I agree with stranger. The saddest kids we know are the ones whose mothers took great pride in their achievements and happily "enjoyed" maths together. Roll on a few years and if these children don't excel, and worse still are passed by the ordinary kids they used to consider less able, they can have a problem. Their identity can be very much tied around their status as the clever kid in the class, and as well as them then not knowing who they are, they are not confident their parents will accept them for being "average".
(My DC are at a very selective school where roughly 50% go on to Oxbridge and a further two dozen to top American Universities. Here "average" can mean not getting A*s or not getting into Oxbridge. It is a high bar. Curiously my neighbour said last night, he knew 4 people who had been to the school, and none of them had suceeded later in life, indeed a couple were long term unemployed. This might say more about my neighbour and his friends, but I think that there can be a danger at very selective schools and Universities of losing your grounding. There are lots of attributes beyond academics that cause people to become sucessful. And indeed what is success.)

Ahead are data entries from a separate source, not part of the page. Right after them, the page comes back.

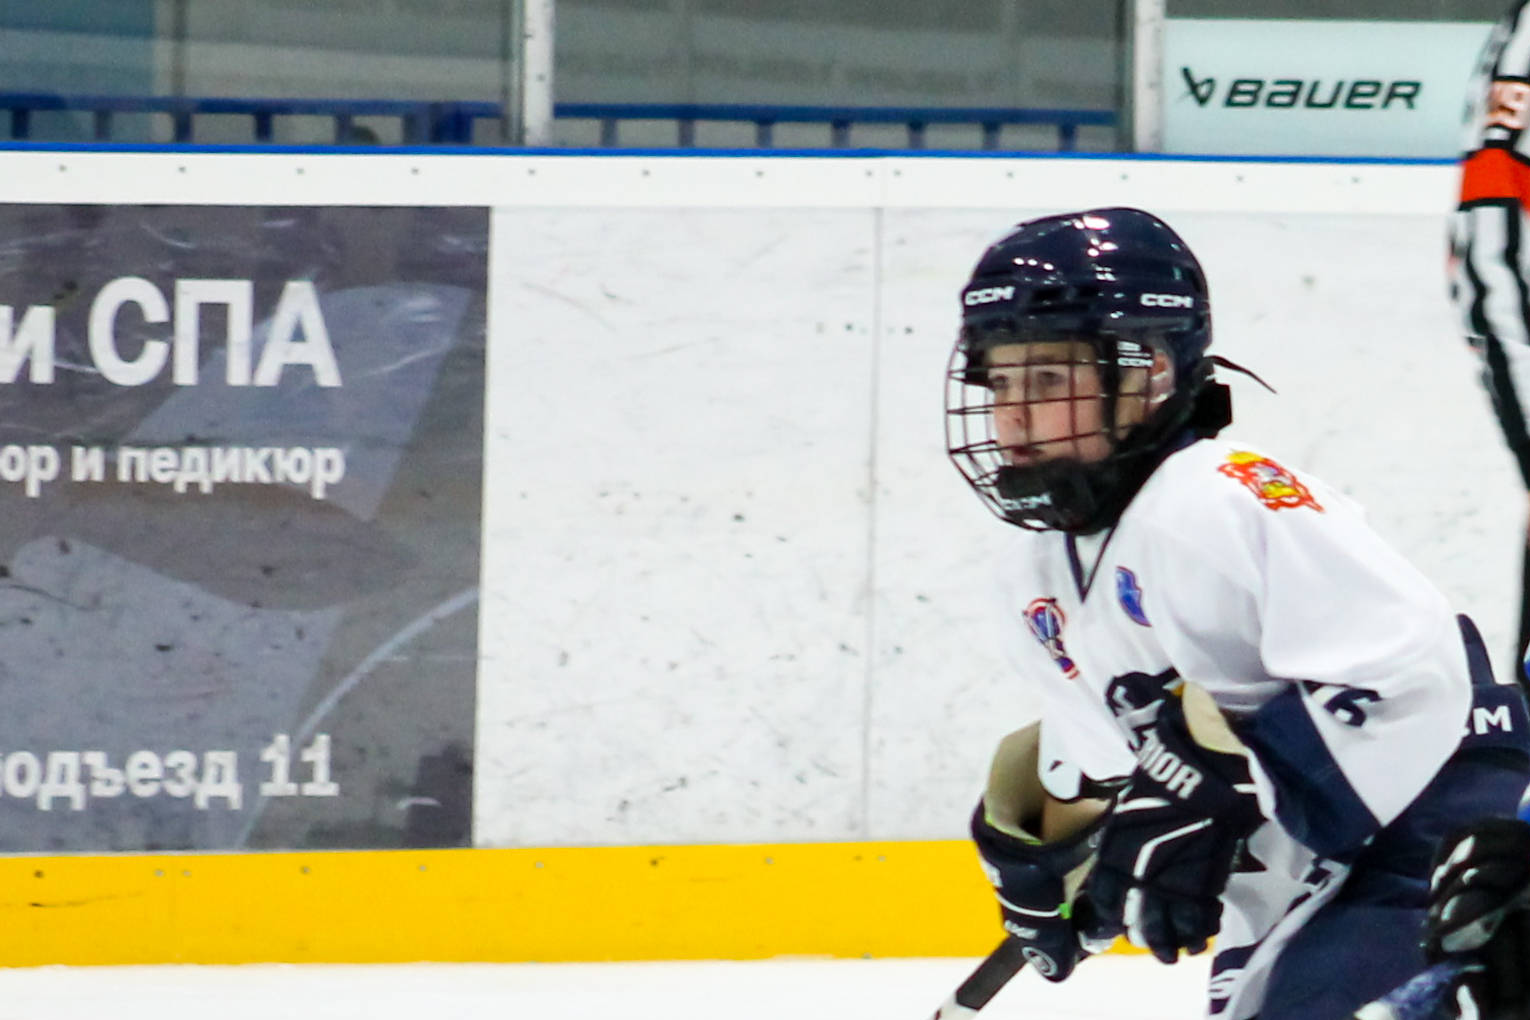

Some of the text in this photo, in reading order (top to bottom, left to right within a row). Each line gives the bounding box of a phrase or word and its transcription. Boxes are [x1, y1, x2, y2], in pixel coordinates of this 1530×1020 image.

[964, 286, 1015, 305] CCM
[1140, 293, 1194, 308] CCM
[89, 276, 343, 387] СПА
[71, 447, 104, 482] и
[117, 446, 346, 499] педикюр
[0, 733, 340, 811] одъезд 11
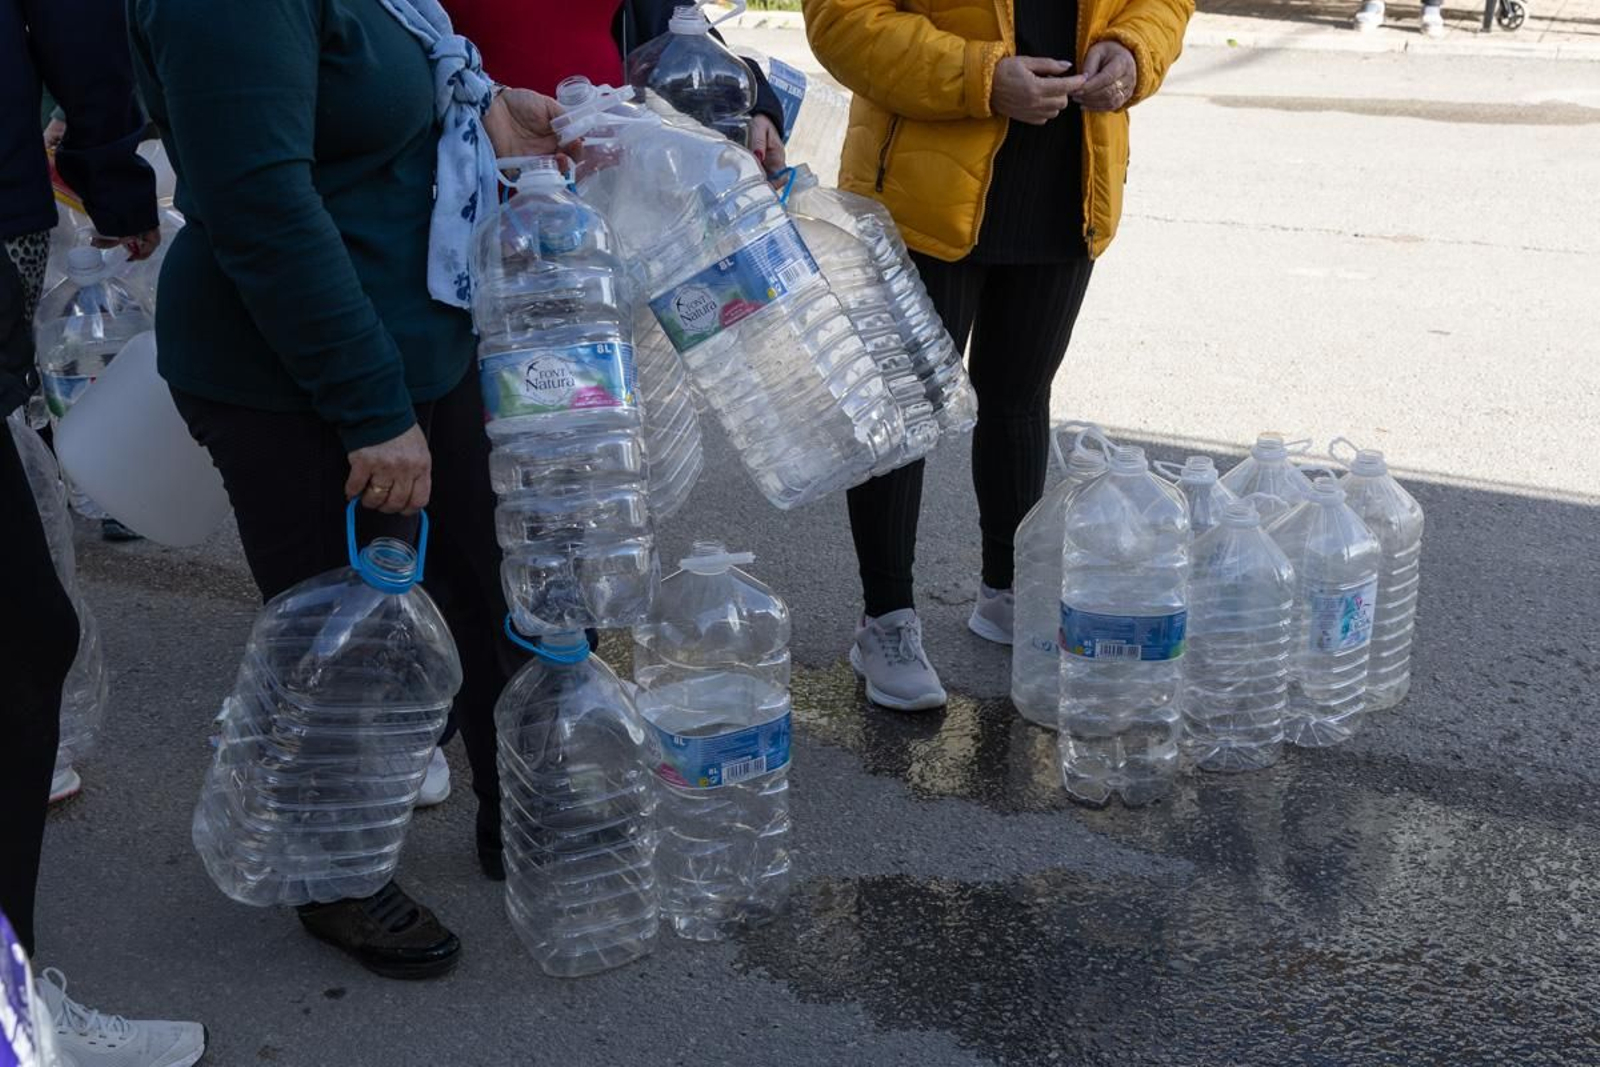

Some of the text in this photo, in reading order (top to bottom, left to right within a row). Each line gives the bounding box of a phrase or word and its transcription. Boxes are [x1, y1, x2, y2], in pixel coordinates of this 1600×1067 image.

When I said sport, drama or music, I was not really talking about elite sport or orchestra music, but simply widening interests, and mixing with people from different backgrounds or with different abilities.
(Sendsummer - in answer to your question, teenagers taking 20 minutes or more of aerobic exercise each day is proven to be important for long term bone and cardiovascular strength adn weight control, and is, apparently, the single best thing that can be done to improve teenage sleep. Our experience is also that it helps with focus, discipline, team playing and resiliance. It can be quite a shock for academic kids used to being the best at everything, to find that sport takes effort, and that talent is differently distributed.)